不幸な少年時代からウルトラマラソンの生きるレジェンドとなっている今までの回想録だけど、その素直な語り口と圧倒的な事実に目が覚める。100㎞以上のレースに結構立て続けに出場したりしているのだが、怪我をしても精神力で走りたおす、その圧倒的な意志力!そして彼にとって何故走るのかということが大きなテーマとなっているわけだ。

サーフィンもそうだけど、大自然を相手にしている(彼はロードというより大自然を走るトレイルランがメインである)スポーツのカリスマというのは圧倒的に哲学者だ。そしてみんな食事に大変気を使う。タイトルにもあるが食は大きな柱で、彼はビーガン、つまり徹底的な菜食主義者である。それによって身体がどう変わったか、スタミナを必要とする長距離ランでも菜食の方がいいというのが分かる。

と言っても辛気臭い話じゃないぜ。とにかく読め!と言いたい。辛気臭い日常を吹っ飛ばすパワーがある。僕と全く違う世界を生きていくやり方があると思うだけで元気が出てくる。

本から教訓を導き出す必要はないが、ここで私が学んだこと。必要なのは圧倒的な量である、ということ。量は質に転化する。僕たちがかなわなかったなぁと思う目標は、指を伸ばしたその5㎝先にあったのだ。間違っていたのではなく足りなかったのである、努力の量が。自戒・・・。

ジェレク氏を紹介し有名にした「Born to run」も読み始めた。出走しないけどしばらくはウルトラマラソンの世界にひたる。当院ジョギングクラブの君たち、必読だよ!

 

僕のシェールガス革命

ダンベル

最近の個人的ホットトピックは筋トレを始めた事である。しかもパーソナルトレーナーについてもらって。

友人の紹介でやってきたはなかなか個性的な経歴の持ち主で、柔道から総合格闘技に興味が移っていくうちに大怪我を経験し、今は健康な人とともに障害を抱えた人(オレもだな)のトレーニングに興味を持って実行している。京都大学柔道部のコーチでもある。ぱっと見、筋肉の固まりが歩いているようにしか見えんが、知的興味の高い、向上心、行動力ともずば抜けた魅力的な若者である。

筋トレは誤解されている。
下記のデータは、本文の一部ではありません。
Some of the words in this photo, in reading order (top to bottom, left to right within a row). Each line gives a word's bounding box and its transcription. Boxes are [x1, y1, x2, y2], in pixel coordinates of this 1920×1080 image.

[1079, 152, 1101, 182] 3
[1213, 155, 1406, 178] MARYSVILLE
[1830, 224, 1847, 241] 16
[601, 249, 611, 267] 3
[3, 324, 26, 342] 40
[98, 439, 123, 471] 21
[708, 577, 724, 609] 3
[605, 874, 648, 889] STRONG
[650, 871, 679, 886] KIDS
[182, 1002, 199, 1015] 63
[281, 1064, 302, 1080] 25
いまだに筋トレと言うと、マッチョな、不純な目的で外観を鍛えてるんですか?みたいな反応をする人がいるが時代錯誤も甚だしい。高齢者も有酸素運動とともに筋トレをする事が必要と米国医学会で推奨されているが、筋肉がどんどん減少していく高齢者ほど適度な筋肉トレーニングは必須なのである。世界の常識である。

今まで筋トレもどき(腕立て伏せとか、スクワットとか)をある程度はやっていた。しかし教えてもらって分かったのだが、やはり自己流は危ないね。コーチは筋肉トレーニングをして故障することの愚を説く。それはやり方が間違っているのだと。彼の指示通りやっていると筋肉痛はあるが変な痛みはない。これが継続への力となる。
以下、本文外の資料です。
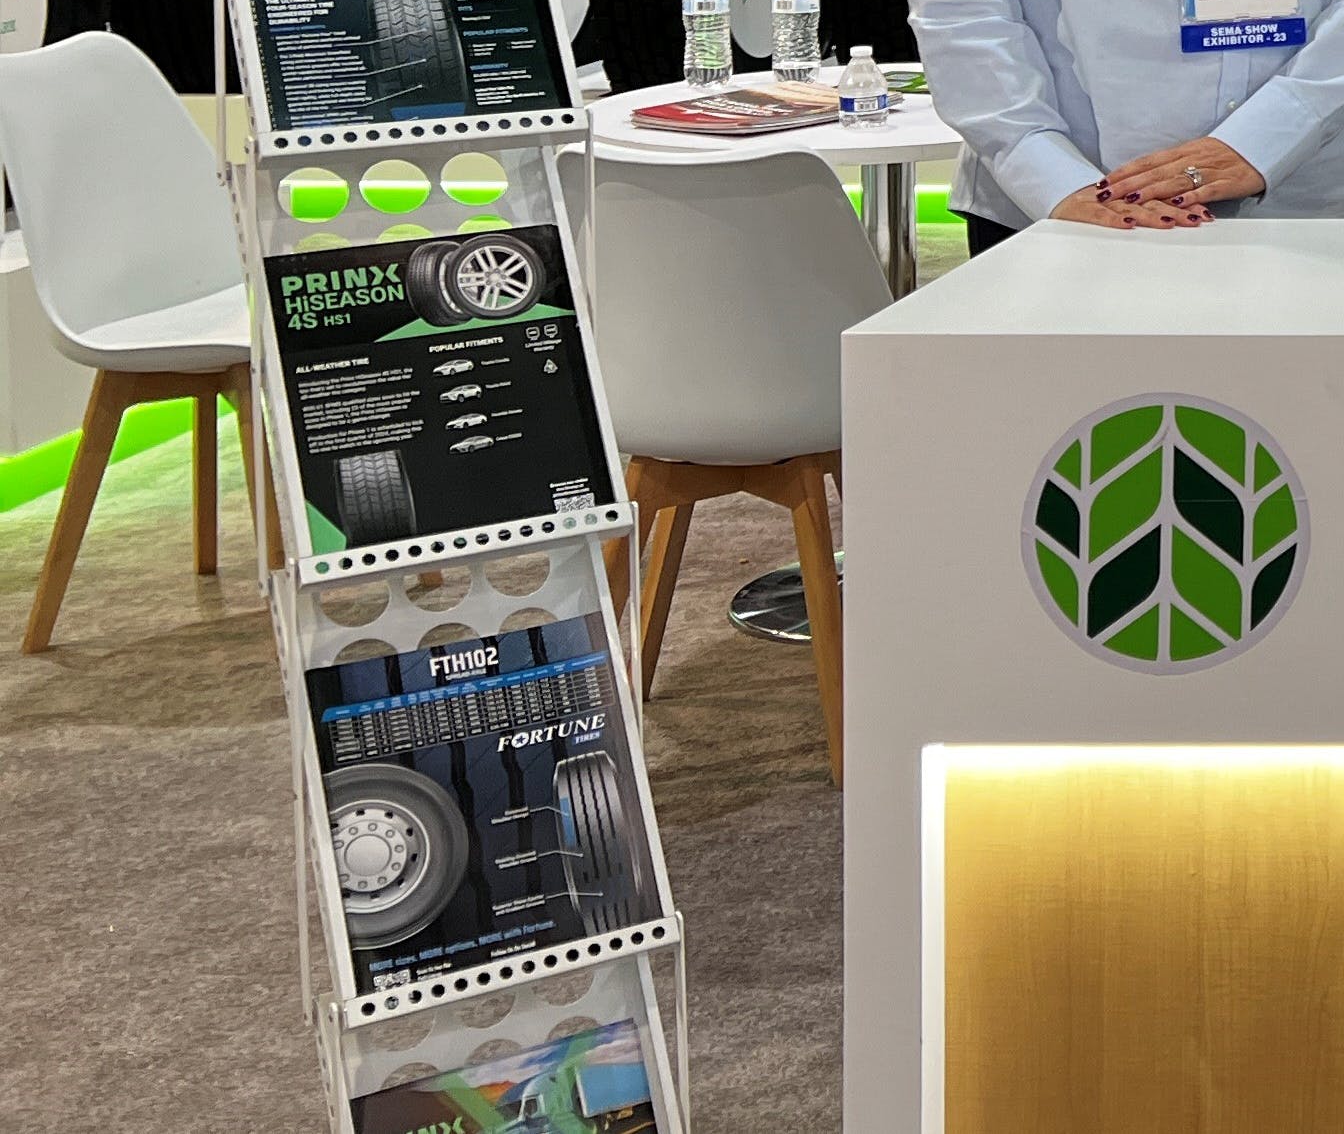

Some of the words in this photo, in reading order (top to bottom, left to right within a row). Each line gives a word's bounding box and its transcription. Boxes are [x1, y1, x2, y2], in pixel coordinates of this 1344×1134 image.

[1203, 35, 1264, 47] EXHIBITOR
[1273, 32, 1286, 42] 23
[1210, 25, 1242, 37] SEMA
[1244, 24, 1278, 35] SHOW
[281, 263, 401, 297] PRINX
[285, 284, 404, 315] HiSEASON
[288, 312, 318, 330] 4S
[323, 313, 351, 326] HS1
[429, 342, 465, 353] POPULAR
[466, 336, 504, 348] FITMENTS
[429, 647, 499, 677] FTH102
[497, 713, 606, 753] FORTUNE
そしてわかったのだが、こういったトレーニングはフィジカルとともにメンタルに効くのである。スゲー効く。前から落ち込みは少ない方であり齢を重ねるとともにメンタルコントロールの技術も向上してきたのだが(日本人は何もしないと自然に負のスパイラルに傾いていく性向があるように思う)、最近ポジティブへの指向性は著しく、精神につっかい棒が2,3本付いたようである。

ということで、筋肉トレーニングは僕にとって鉱脈、水脈を見つけたようなものだ。最近だとシェールオイルか。以前音楽について考えていた時、キップ・ハンラハンの音楽を好きな限り老けることは無いような気がすると思ったが、正しい(ここが大事だ!)筋トレも同じ、続けている限り精神肉体はみっともなく老いさらばえることはないと信じる。あと20年はやるね。